I asked the internet what stingrays signify in a painting. It directed me instead to dreamstop.com, to what a stingray means in a dream.
“Stingray visits your dreams to let you know you are emotionally free of all bonds and ties. You have released all old emotional baggage and are ready to start anew…Everything is ready for you to start moving forward. There is nothing to fear.”

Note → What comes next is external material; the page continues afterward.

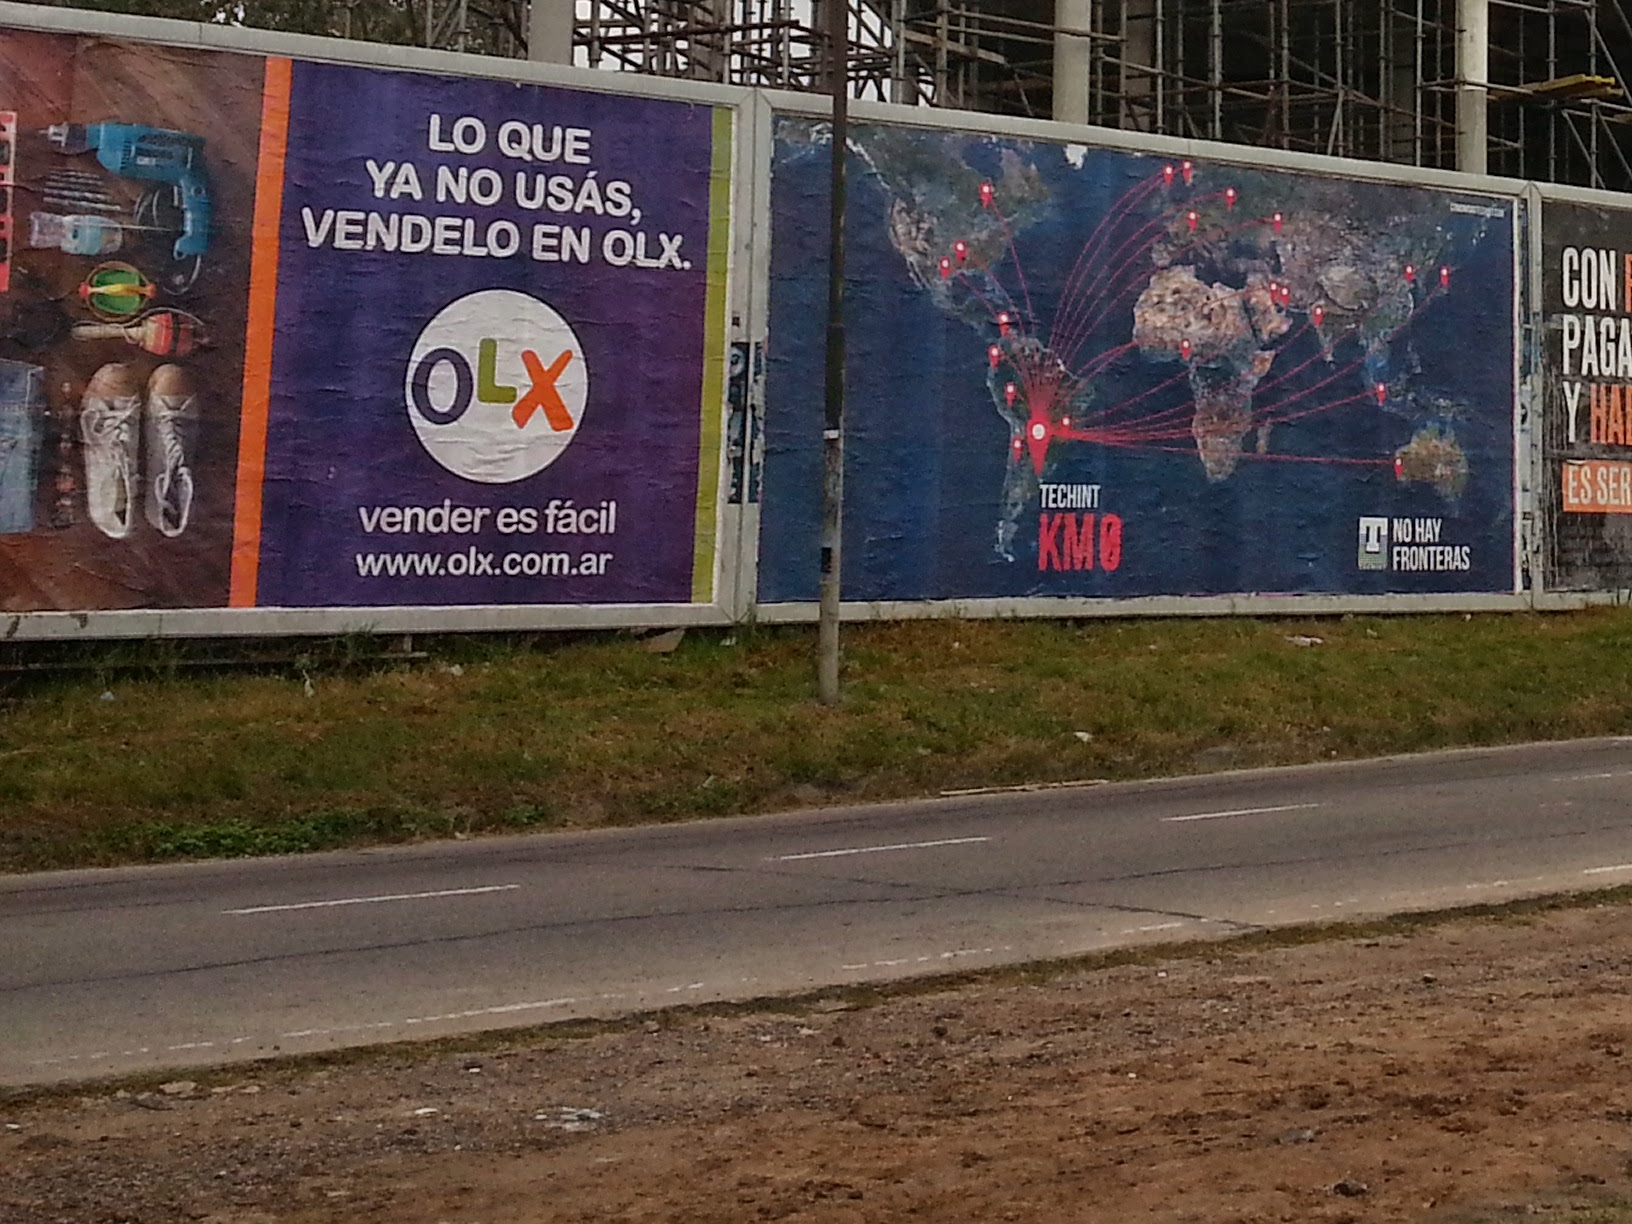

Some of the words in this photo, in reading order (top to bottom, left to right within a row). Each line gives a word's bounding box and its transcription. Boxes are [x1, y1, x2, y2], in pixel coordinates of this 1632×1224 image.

This was nice to hear, as a New Year was starting with a lot of 2020 baggage–personal, pandemic, political. The sad image of a dead stingray on an inland sidewalk is on my mind, but so is the transcendent image of Abdullah’s stingrays beneath the rain. Children engage in magical thinking and artists never really outgrow it. Magical thinking is like superstition, but instead of fear it’s propelled by a belief that behind everything is a benevolent logic that leans toward meaning. It was magical thinking that made me believe pursuing a lost stingray would take me somewhere & it did, & here we are, & what comes next?
Emily Farranto is a writer and artist. She started the art blog Village Disco in 2015 and her children’s book, Animals Mate, was published in July 2020.